» **Problem statement**:
Copy the data that follows exactly. Include no pictures.

» **Annotated photo localization data**:
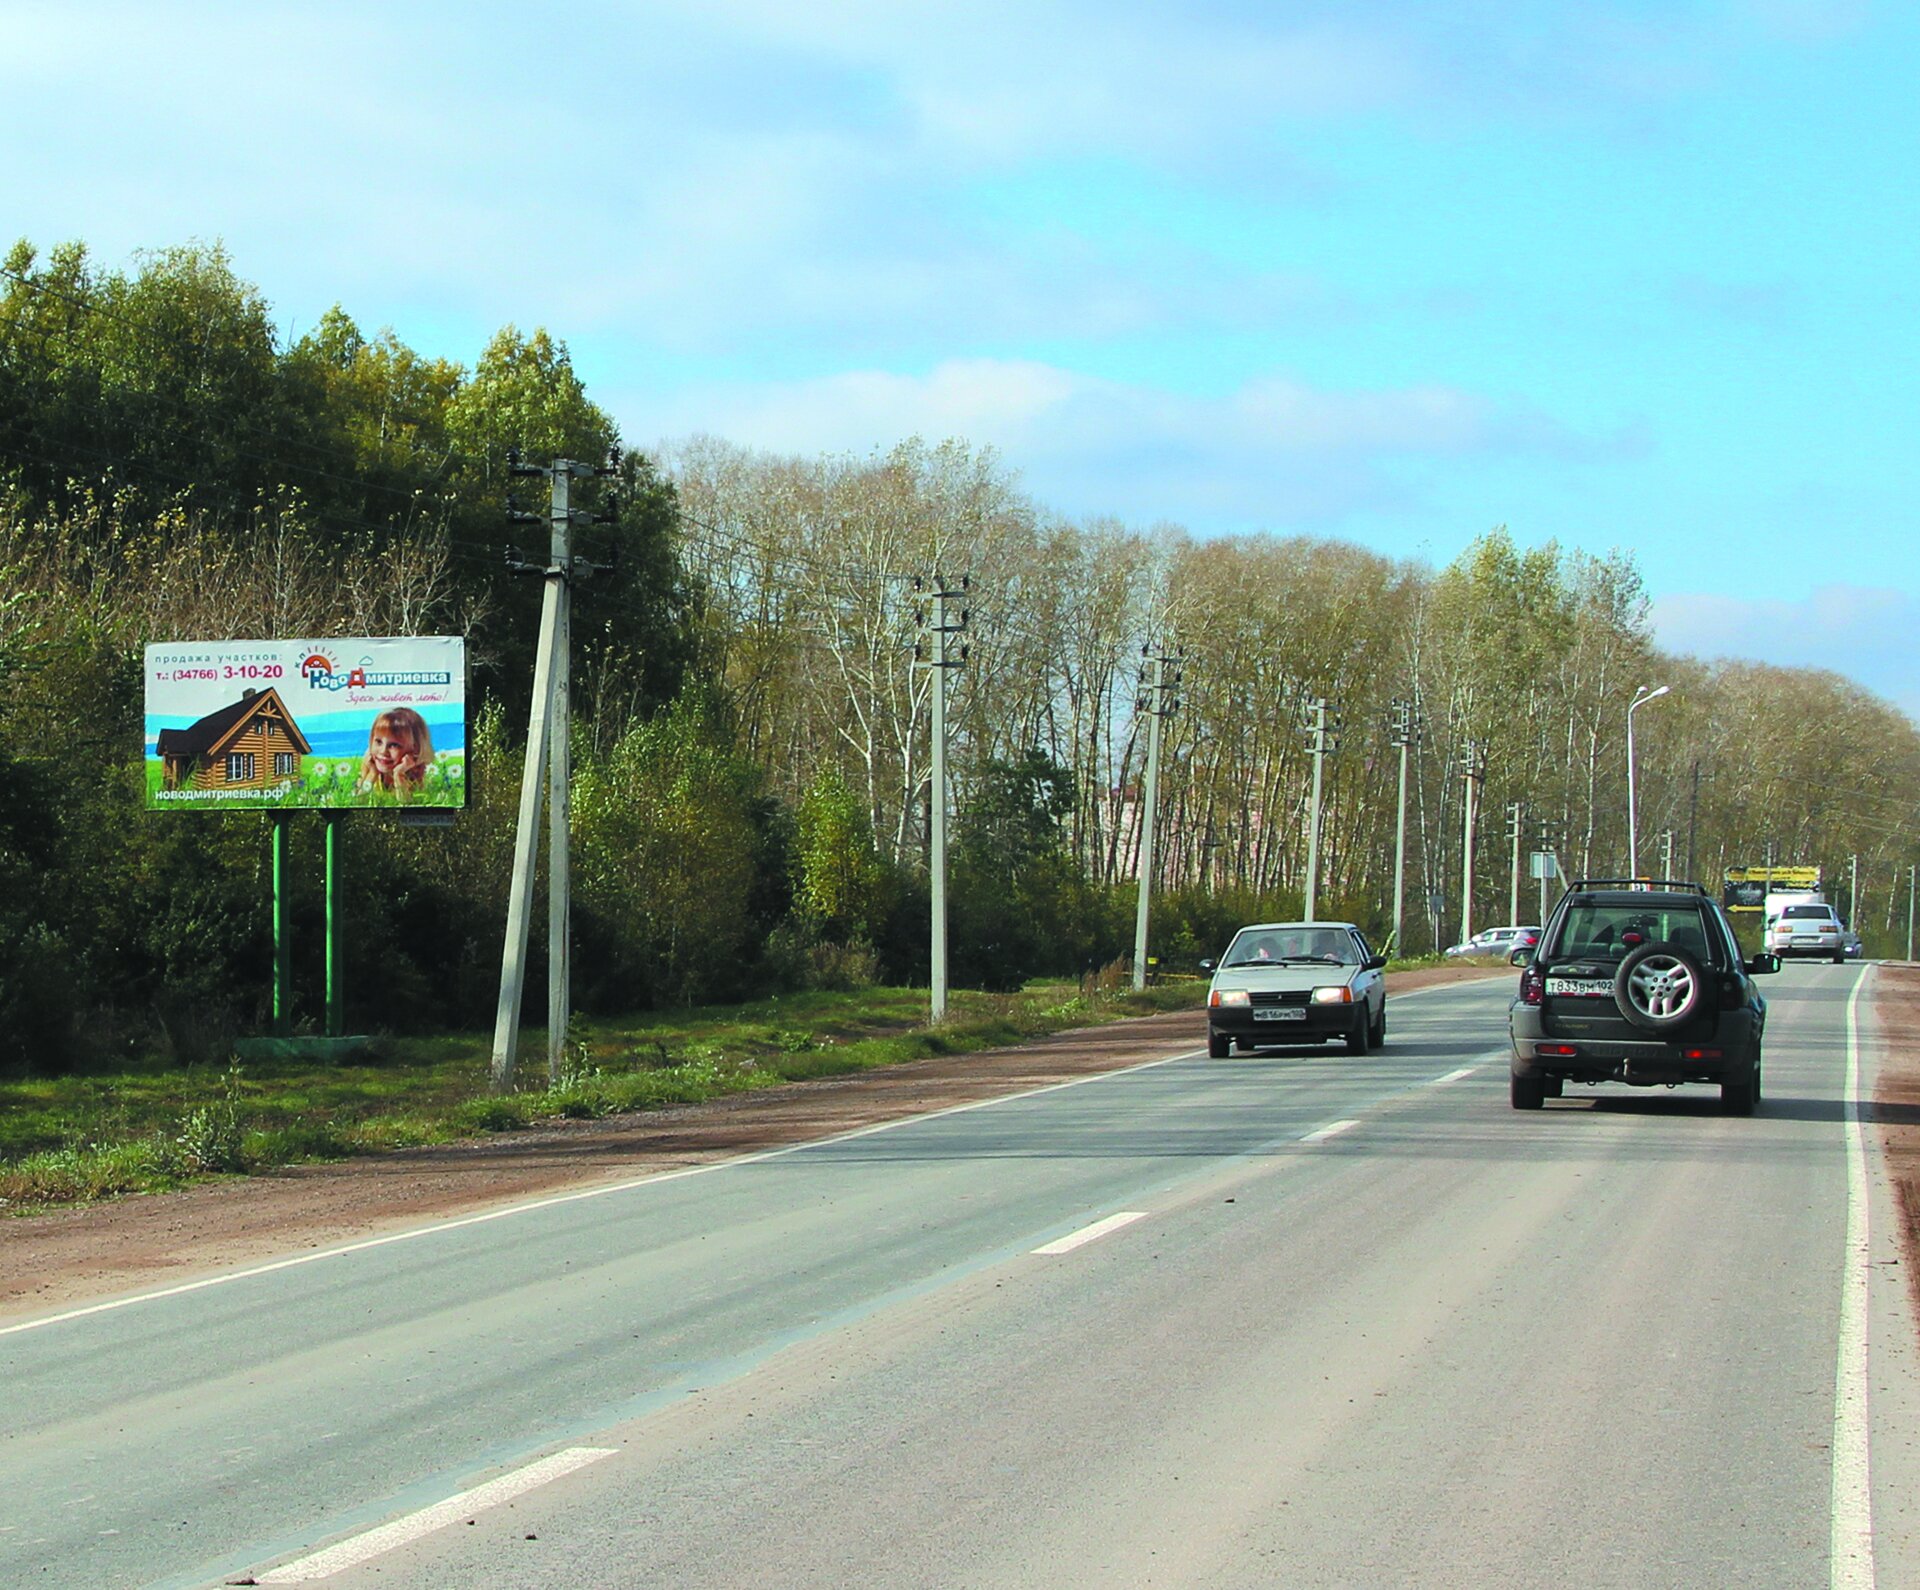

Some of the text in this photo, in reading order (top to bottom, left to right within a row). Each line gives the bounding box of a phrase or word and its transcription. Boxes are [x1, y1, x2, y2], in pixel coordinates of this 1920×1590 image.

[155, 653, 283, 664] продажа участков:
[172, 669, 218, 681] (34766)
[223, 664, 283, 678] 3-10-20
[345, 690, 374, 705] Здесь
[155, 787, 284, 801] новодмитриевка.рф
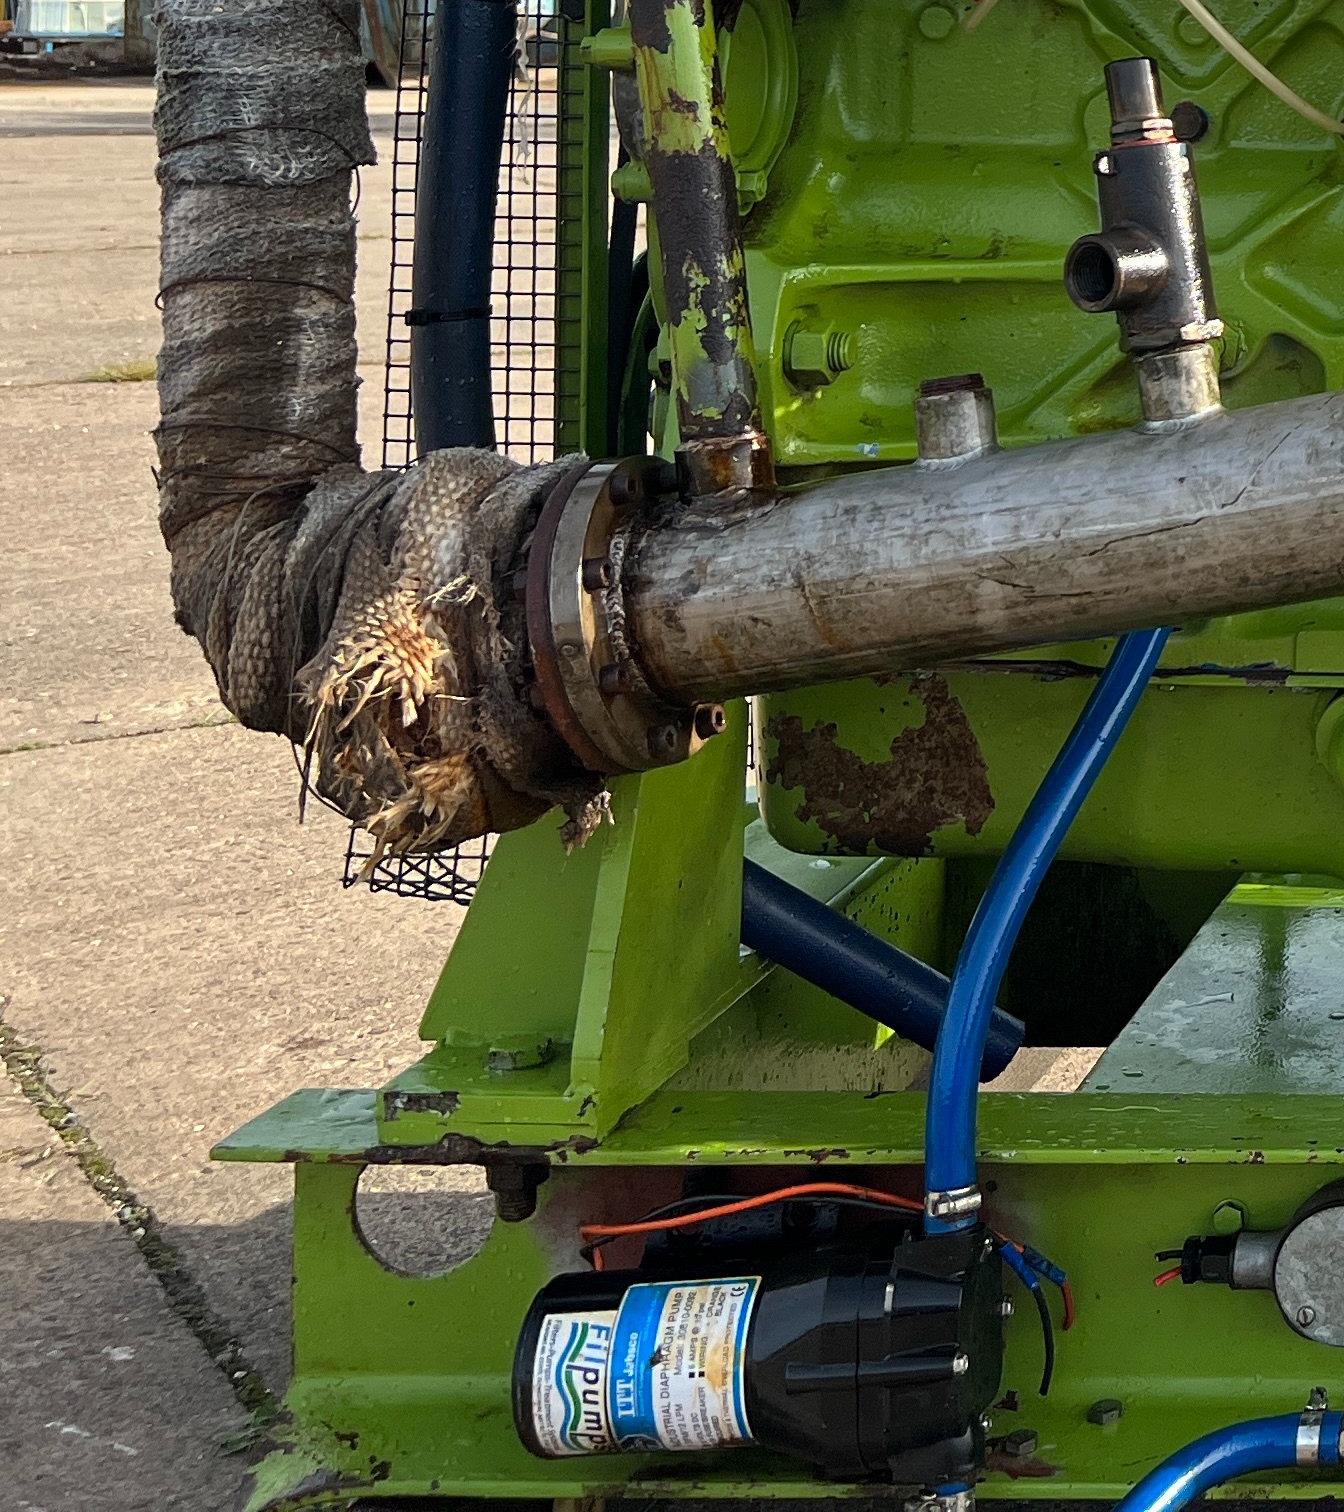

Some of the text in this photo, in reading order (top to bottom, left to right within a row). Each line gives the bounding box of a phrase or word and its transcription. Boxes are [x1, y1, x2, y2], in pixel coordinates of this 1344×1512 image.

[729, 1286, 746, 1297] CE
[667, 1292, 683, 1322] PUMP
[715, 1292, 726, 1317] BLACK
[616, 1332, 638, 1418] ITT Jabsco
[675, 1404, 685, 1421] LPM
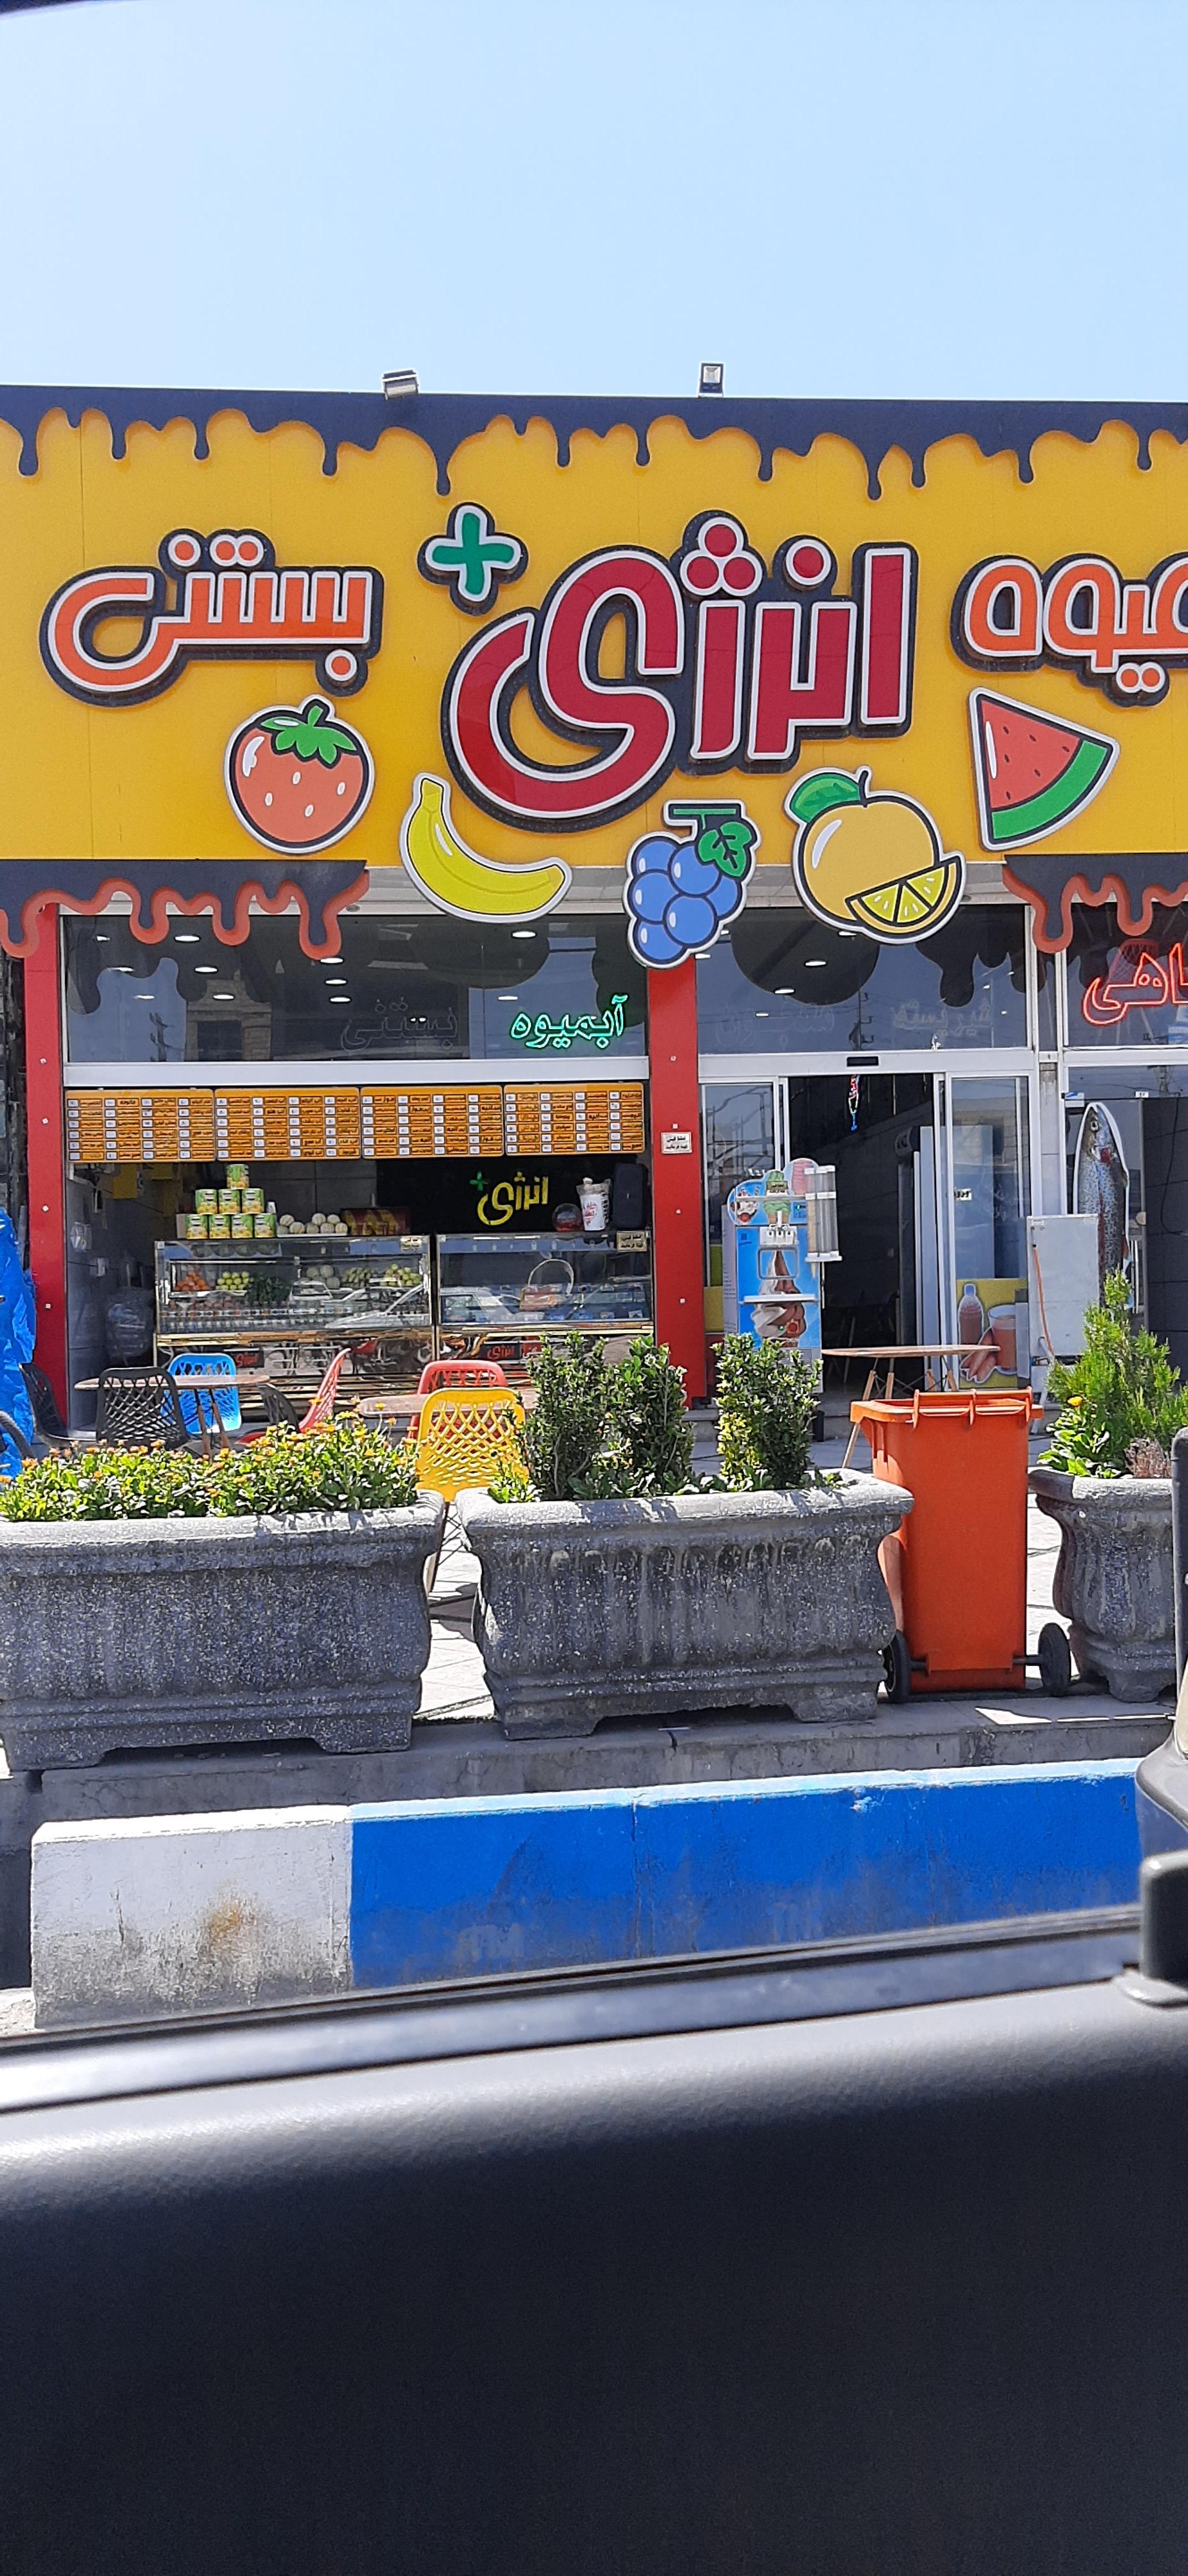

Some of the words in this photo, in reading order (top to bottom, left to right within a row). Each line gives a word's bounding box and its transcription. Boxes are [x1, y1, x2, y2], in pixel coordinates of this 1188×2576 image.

» **Written response**:
Some of the text in this photo, in reading order (top to bottom, left to right within a row). Each line gives the bounding box of a phrase or word and its transcription. Boxes are [x1, y1, x2, y2], in pixel coordinates of this 1920×1590 image.

[155, 653, 283, 664] продажа участков:
[172, 669, 218, 681] (34766)
[223, 664, 283, 678] 3-10-20
[345, 690, 374, 705] Здесь
[155, 787, 284, 801] новодмитриевка.рф

Some of the text in this photo, in reading order (top to bottom, left to right within a row). Each line gives the bounding box of a phrase or word and its transcription. Boxes are [x1, y1, x2, y2], in pixel coordinates of this 1344×1512 image.

[729, 1286, 746, 1297] CE
[667, 1292, 683, 1322] PUMP
[715, 1292, 726, 1317] BLACK
[616, 1332, 638, 1418] ITT Jabsco
[675, 1404, 685, 1421] LPM

Some of the words in this photo, in reading order (top to bottom, left to right within a row). Each line gives a word's bounding box and its transcription. Boxes are [x1, y1, x2, y2], in pixel coordinates of this 1188×2576 image.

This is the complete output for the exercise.